Most importantly, she’s an expert on hunger, satiety, and eating behavior in general.
What does she want us to know?
First and foremost: you cannot starve yourself thin, unless you literally starve yourself to death.
What this is about: any weight lost due to malnutrition (“not eating enough” is malnutrition) will always go back on once food becomes available. So unless you die first (not a great health plan), merely restricting good will always result in “yo-yo dieting”.
So, to avoid putting the weight back on and feeling miserable every day along the way… You need to eat as much as you feel you need.
But, there’s a trick here (it’s about making you genuinely feel you need less)!
Your body is an instrument—so play it
Your body is the tool you use to accomplish pretty much anything you do. It is, in large part, at your command. Then there are other parts you can’t control directly.
Dr. Rolls advises taking advantage of the fact that much of your body is a mindless machine that will simply follow instructions given.
That includes instructions like “feel hungry” or “feel full”. But how to choose those?
Volume matters
An important part of our satiety signalling is based on a physical sensation of fullness. This, by the way, is why bariatric surgery (making a stomach a small fraction of the size it was before) works. It’s not that people can’t eat more (the stomach is stretchy and can also be filled repeatedly), it’s that they don’t want to eat more because the pressure sensors around the stomach feel full, and signal the hormone leptin to tell the brain we’re full now.
Now consider:
- On the one hand, 20 grapes, fresh and bursting with flavor
- On the other hand, 20 raisins (so, dried grapes), containing the same calories
Which do you think will get the leptin flowing sooner? Of course, the fresh grapes, because of the volume.
So if you’ve ever seen those photos that show two foods side by side with the same number of calories but one is much larger (say, a small slice of pizza or a big salad), it’s not quite the cheap trick that it might have appeared.
Or rather… It is a cheap trick; it’s just a cheap trick that works because your stomach is quite a simple organ.

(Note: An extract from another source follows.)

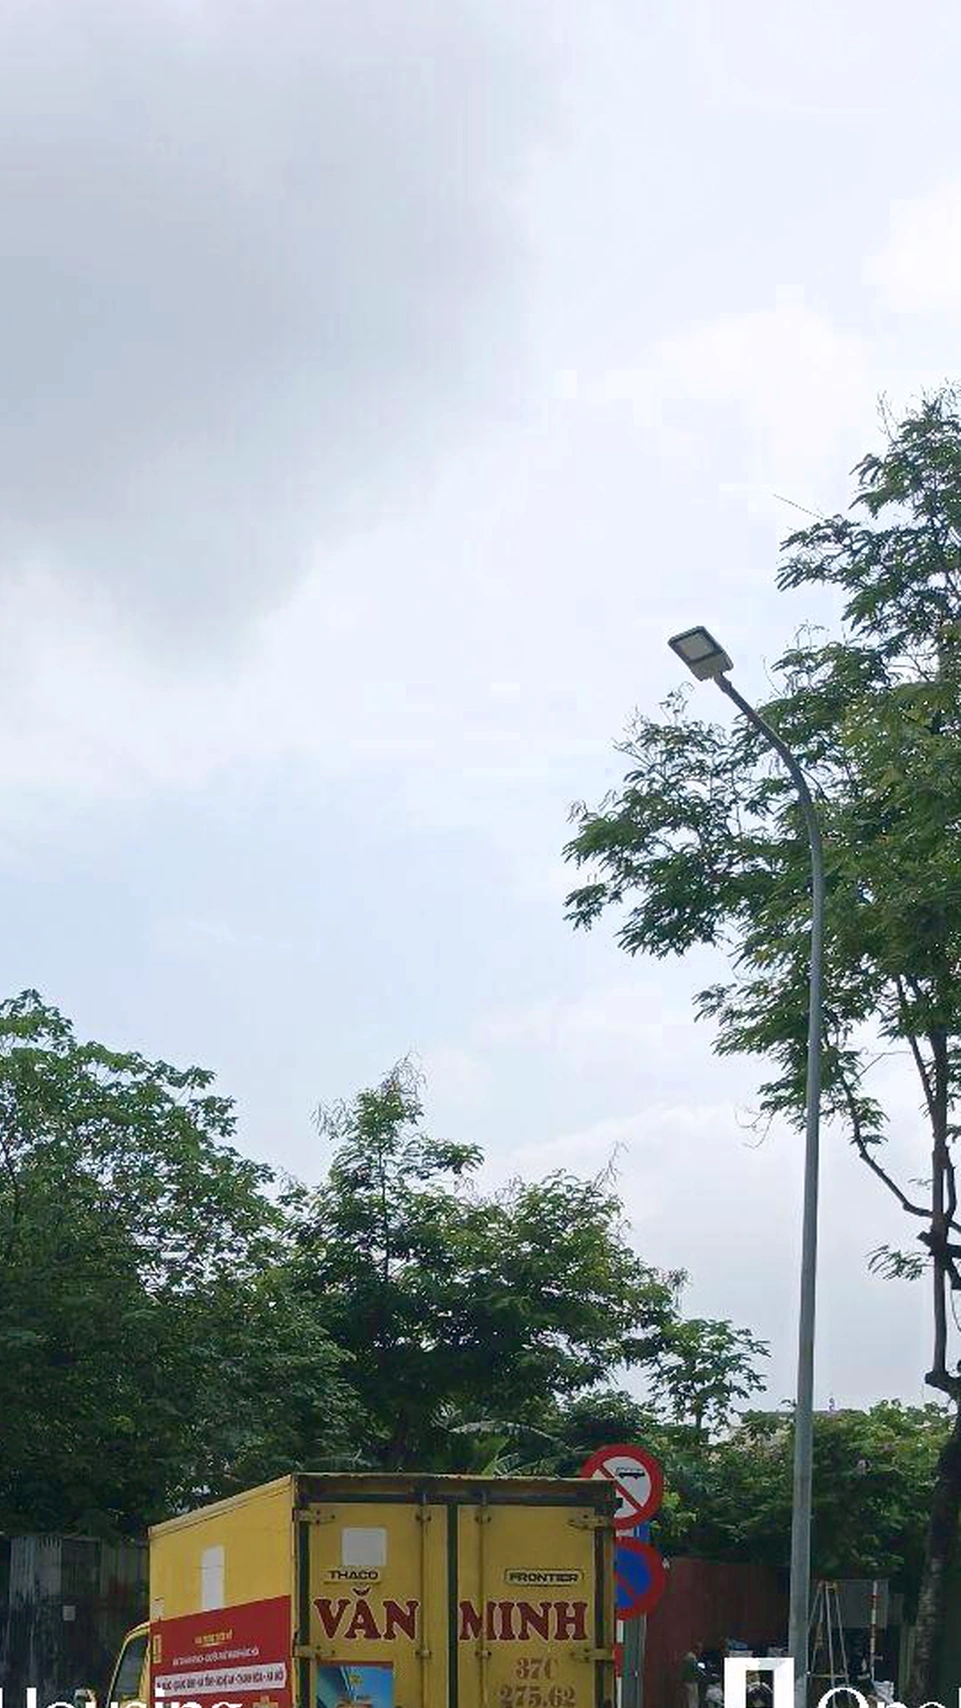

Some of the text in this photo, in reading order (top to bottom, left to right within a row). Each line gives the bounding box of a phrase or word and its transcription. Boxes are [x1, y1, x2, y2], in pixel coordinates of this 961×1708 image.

So, Dr. Rolls’ advice: generally speaking, go for voluminous food. Fruit is great from this, because there’s so much water. Air-popped popcorn also works great. Vegetables, too.

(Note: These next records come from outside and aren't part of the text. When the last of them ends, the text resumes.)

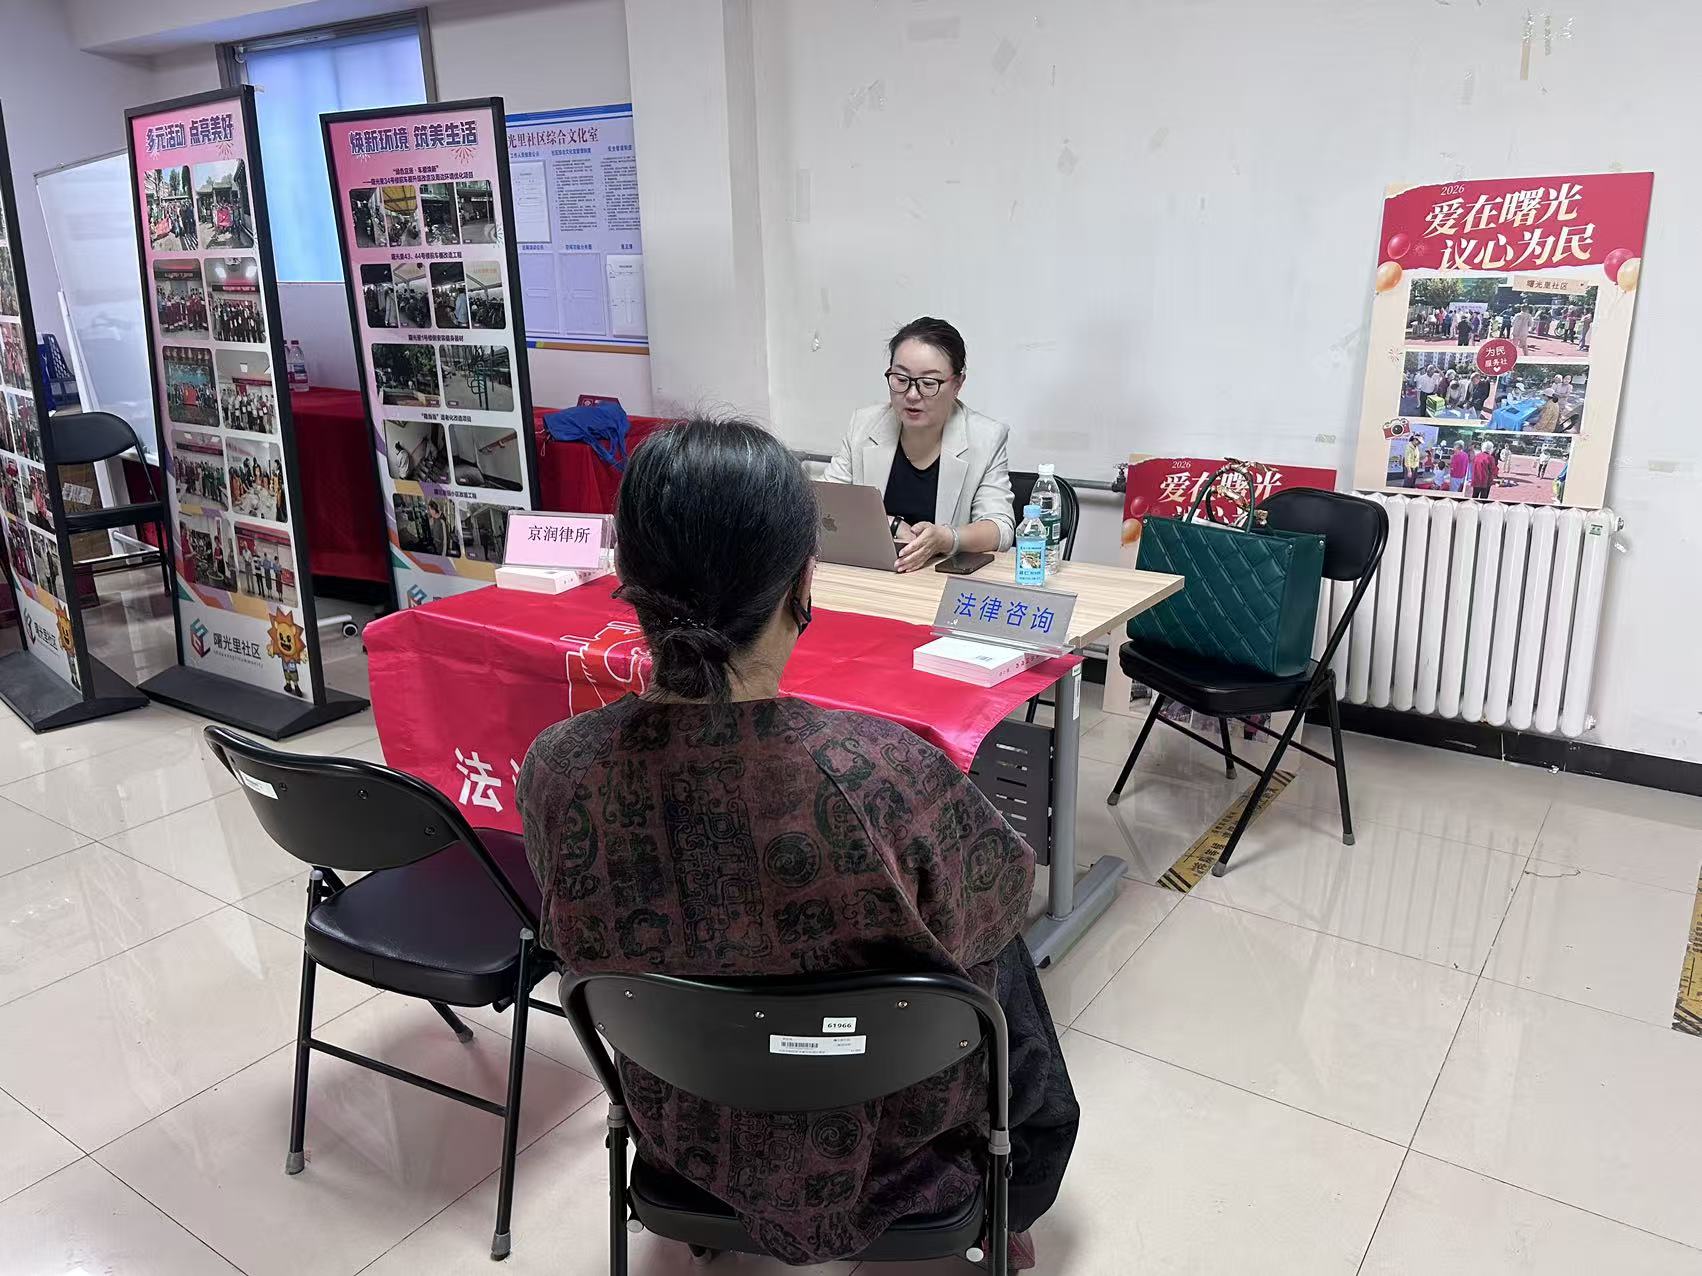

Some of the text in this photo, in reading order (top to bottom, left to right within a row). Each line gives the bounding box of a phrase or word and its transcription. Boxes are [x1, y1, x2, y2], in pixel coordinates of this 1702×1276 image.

[146, 114, 234, 152] 多元活动 点亮美好
[349, 120, 479, 154] 焕新环境 筑美生活
[1441, 184, 1465, 196] 2026
[1422, 182, 1584, 239] 爱在曙光
[1439, 222, 1596, 272] 议心为民
[1526, 279, 1569, 291] 曙光里社区
[1484, 358, 1508, 368] 服务社
[1485, 345, 1506, 358] 为民
[1171, 460, 1191, 469] 2026
[527, 525, 591, 544] 京润律所
[953, 592, 1055, 634] 法律咨询
[213, 632, 262, 660] 曙光里社区
[454, 747, 520, 813] 法

Water matters, but differently than you might think
A well-known trick is to drink water before and with a meal. That’s good, it’s good to be hydrated. However, it can be better. Dr. Rolls did an experiment:
The design:
❝Subjects received 1 of 3 isoenergetic (1128 kJ) preloads 17 min before lunch on 3 d and no preload on 1 d.
The preloads consisted of 1) chicken rice casserole, 2) chicken rice casserole served with a glass of water (356 g), and 3) chicken rice soup.
The soup contained the same ingredients (type and amount) as the casserole that was served with water.❞
The results:
❝Decreasing the energy density of and increasing the volume of the preload by adding water to it significantly increased fullness and reduced hunger and subsequent energy intake at lunch.
The equivalent amount of water served as a beverage with a food did not affect satiety.❞
The conclusion:
❝Consuming foods with a high water content more effectively reduced subsequent energy intake than did drinking water with food.❞
You can read the study in full (it’s a worthwhile read!) here:
Water incorporated into a food but not served with a food decreases energy intake in lean women
Protein matters
With all those fruits and vegetables and water, you may be wondering Dr. Rolls’ stance on proteins. It’s simple: protein is an appetite suppressant.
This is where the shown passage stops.